Here we got a quite small sample data which contained a count of candies from 2008-2018 at Hamilton city. It is interesting to see if we can identify any independent variable which may impact the count of candies. Remember, Halloween is celebrated on October 31st so it may be a weekday or weekend.
I decided to choose "Weather" conditions to identify the impact of rain, cold, or severe wind. Seems wind has more impact on human nature because we can protect ourselves from rain, cold but not from the wind.
3. Problem Statement:
We have been given a dataset of Halloween-day for 10 years from 2008-2018. This data set contains the total Counts of
Candy has been distributed each year between 6:00 PM-8:15 PM.
Now, we have to analyze the given dataset and provide some meaningful visualization to see the trends and hidden
patterns.
Here is the snapshot of the given dataset.
Solution:
The dataset has been given is already cleansed so, I do not have to add or delete the given data.
However, in order to check the total counts of candy distribution to each respective year; we need to append some
relational independent-variable to compare and then analyze, to see if the dependent variable Candy (Count) has any
proportionate relationship with the suggested independent-variable.
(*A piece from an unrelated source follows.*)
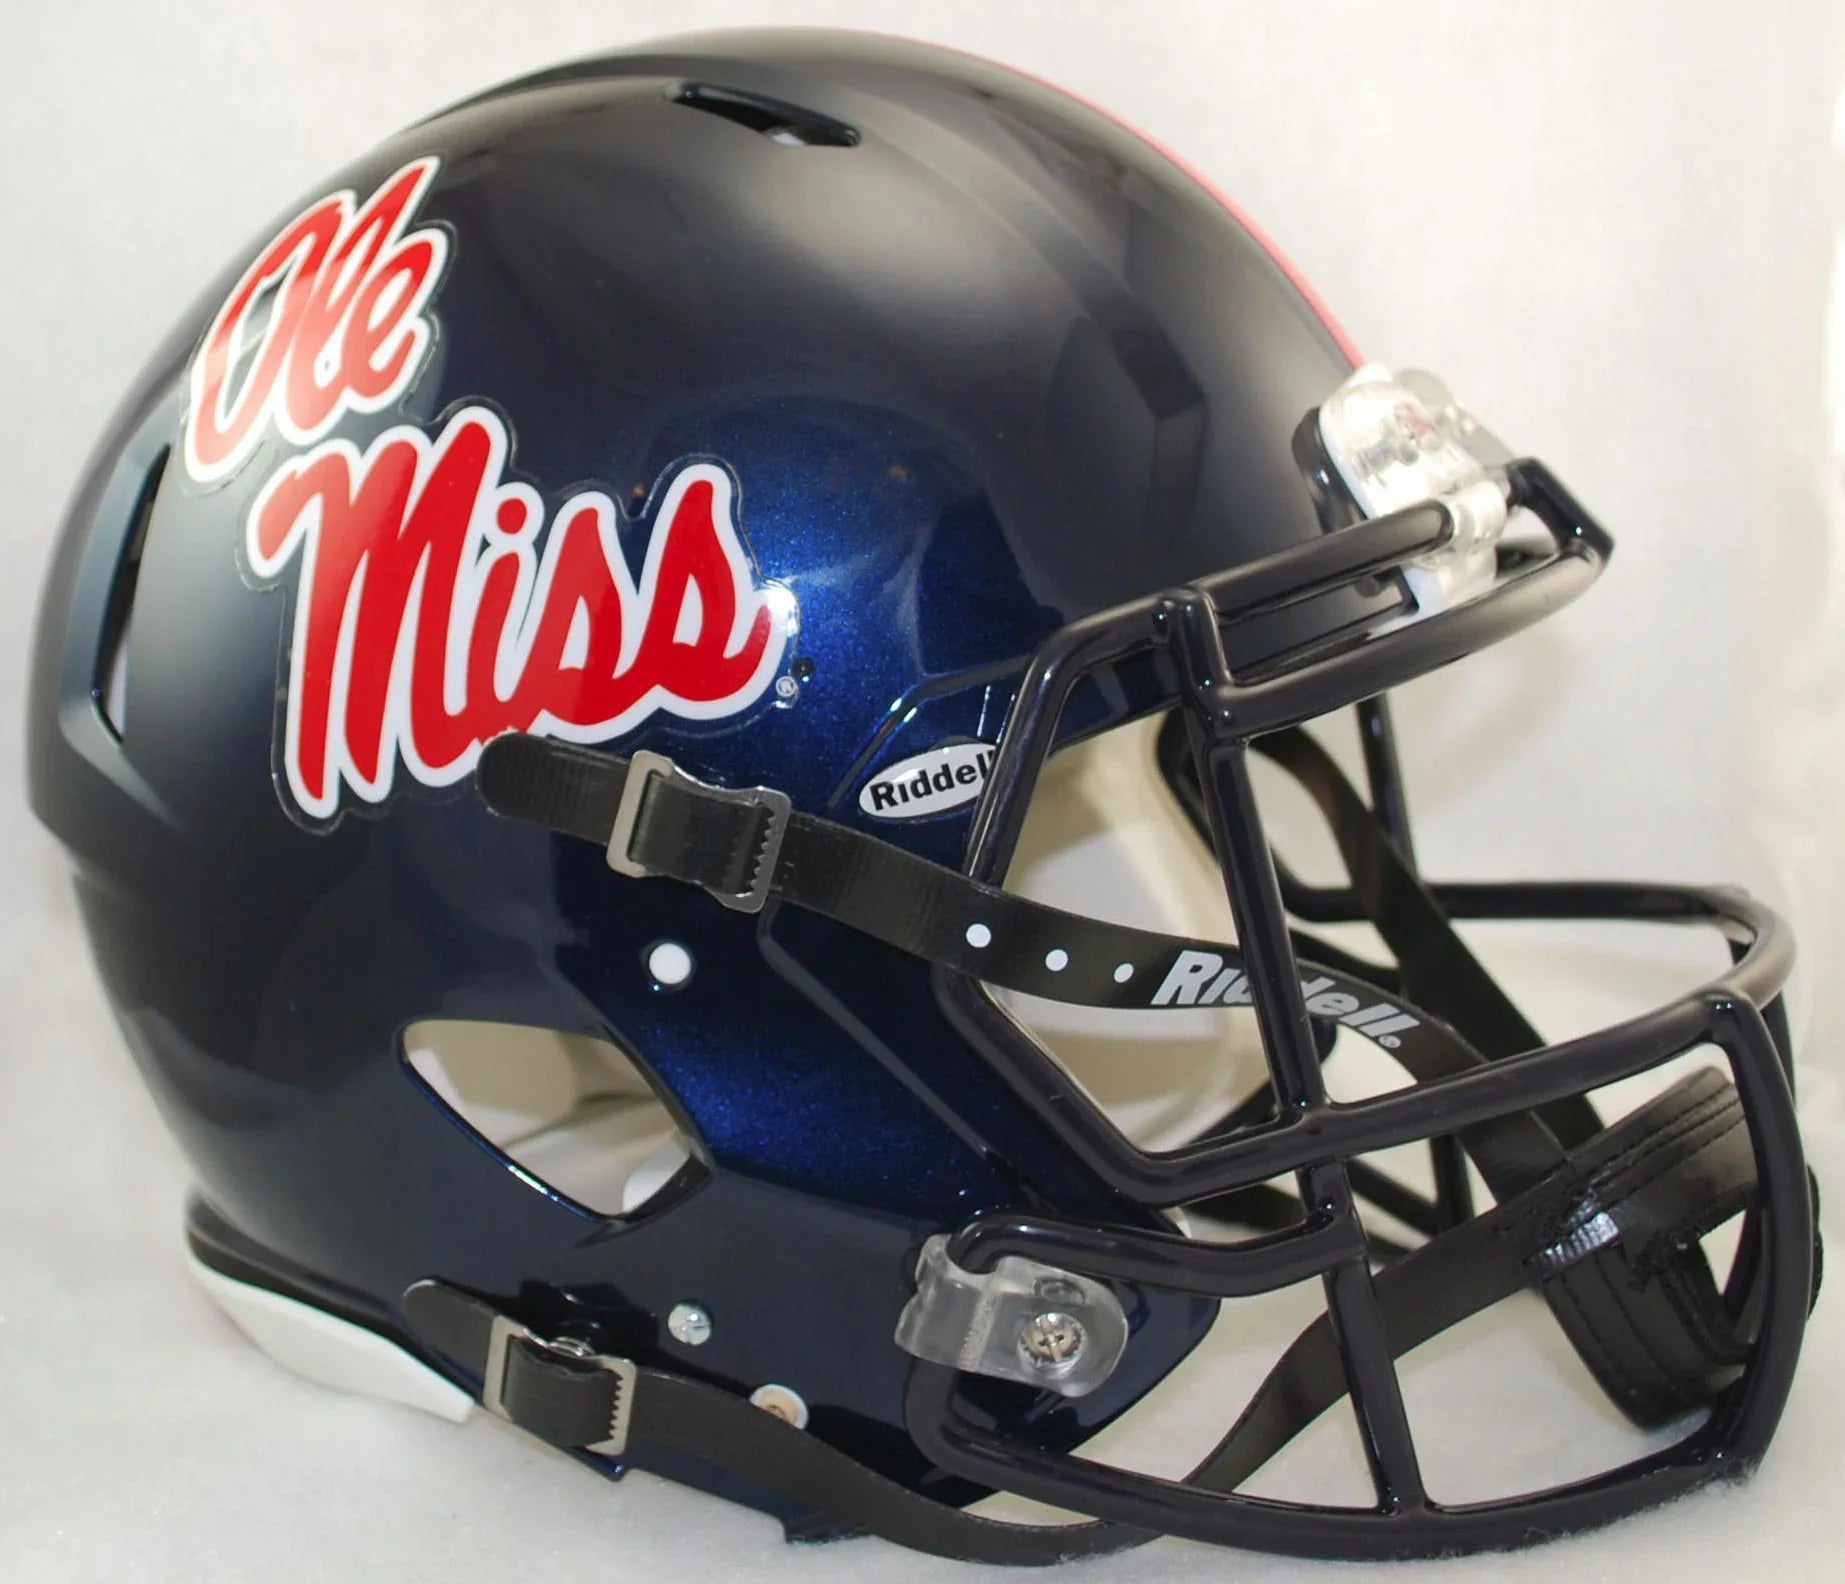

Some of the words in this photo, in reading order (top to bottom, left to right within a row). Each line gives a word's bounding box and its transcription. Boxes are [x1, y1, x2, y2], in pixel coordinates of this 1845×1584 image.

Thus, I have added independent-variable as Weather condition. Which has contained independent variable such as,
Cloudy, Very Cloudy, Partly Cloudy, Fair, Light-Rain & Windy
4. The source of the dataset is: https://www.wunderground.com/history/monthly/ca/toronto/CYTZ/date/2013-10
Here is the preview of the dataset after adding independent variables with the original dataset for final analysis and
visualization.
6. Bar Chart: 01
We can see Count on the Y-Axis and Years in X-Axis to visualize the total Counts of Candy to each respective year,
as well as the Weather condition during those hours between 06:00 to 08:30 PM.
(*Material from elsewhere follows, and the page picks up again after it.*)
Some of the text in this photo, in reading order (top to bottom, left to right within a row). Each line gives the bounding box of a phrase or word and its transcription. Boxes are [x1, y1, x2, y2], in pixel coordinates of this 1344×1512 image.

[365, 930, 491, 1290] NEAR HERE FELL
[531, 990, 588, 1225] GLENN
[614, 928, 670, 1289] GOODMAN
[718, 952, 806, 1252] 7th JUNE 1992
1. 2015 has the most counts (869) Vs 2013 has the least counts 358 +33 = (391).
2. 2014 has Light rain in 10 years, though still has great count of (673) candies.
3. Year 2018 has frequent changes in Weather as Cloud, Mostly Cloudy to Partly Cloudy between those hours.
4. Only 2010 has fair weather in 10 years of history.
7. Tree Map: 02
This TREE-MAP shows the hierarchy of the Weather and the impact of count through the size and color of each box
as well as the Weather dominance.
1. Seems most of the time the Weather was either remained Mostly Cloudy or Cloudy
8. Lollypop number:03
The Lollypop Chart shows the most and least Counts to their respective years.
1. Year 2015 & 2010 has most-darker and longer bar, while 2013 & 2010 has the least numbers of count thus smaller and have
light colors.
9. Heat Map:04
The Heat Map is another interesting chart to represent the most active year & time.
1. Clearly 7:00 PM to 7:30 PM is the most active hour and then eventually by 8:00 PM the activity cools down.
10. Side-by-Side Bars:05
The Side-by-Side Bars has a best comparison to see the Count impact with looking at Wind-Speed and Temperature.
1. We can visualize what was the Wind-Speed & Temperature with respective Count and the hours.
2. We can observe that there was little bit impact of Counts due to Wind-Speed in 2013 during at 6PM & once the wind
went little slower again the Candy-collection has increased.
11. Scattered Plot & Regression Line:06
Primarily the Scattered Plot and Regression line shows there is no correlationship between Wind & Count of
Candies.
1. The R-Squared is not strong and ideally it should be 0.80 (80%) or above to accept the sample null-hypothesis.
2. The p value is = > 0.05, which suggest that at 95% confidence level we retain the null hypothesis and reject the
alternative hypothesis. Which means Wind has not significant evidence on Counts.
12. Summary:
1. The external-weather data shows that there is significance impact of wind on the count of candy
but the R-squared and p -value not provides any evidence to support the alternative hypothesis. On
the other hand, Weekend days or Weekdays does not have any significance impact as seen in
Visualization No. 05.
2. The Most active hours were 7:00 PM to 7:30 PM
3. The p value (0.228346) is > 0.05 which means we fail to reject the null hypothesis. However, the
sample size in our case its fairly small to do hypothesis around.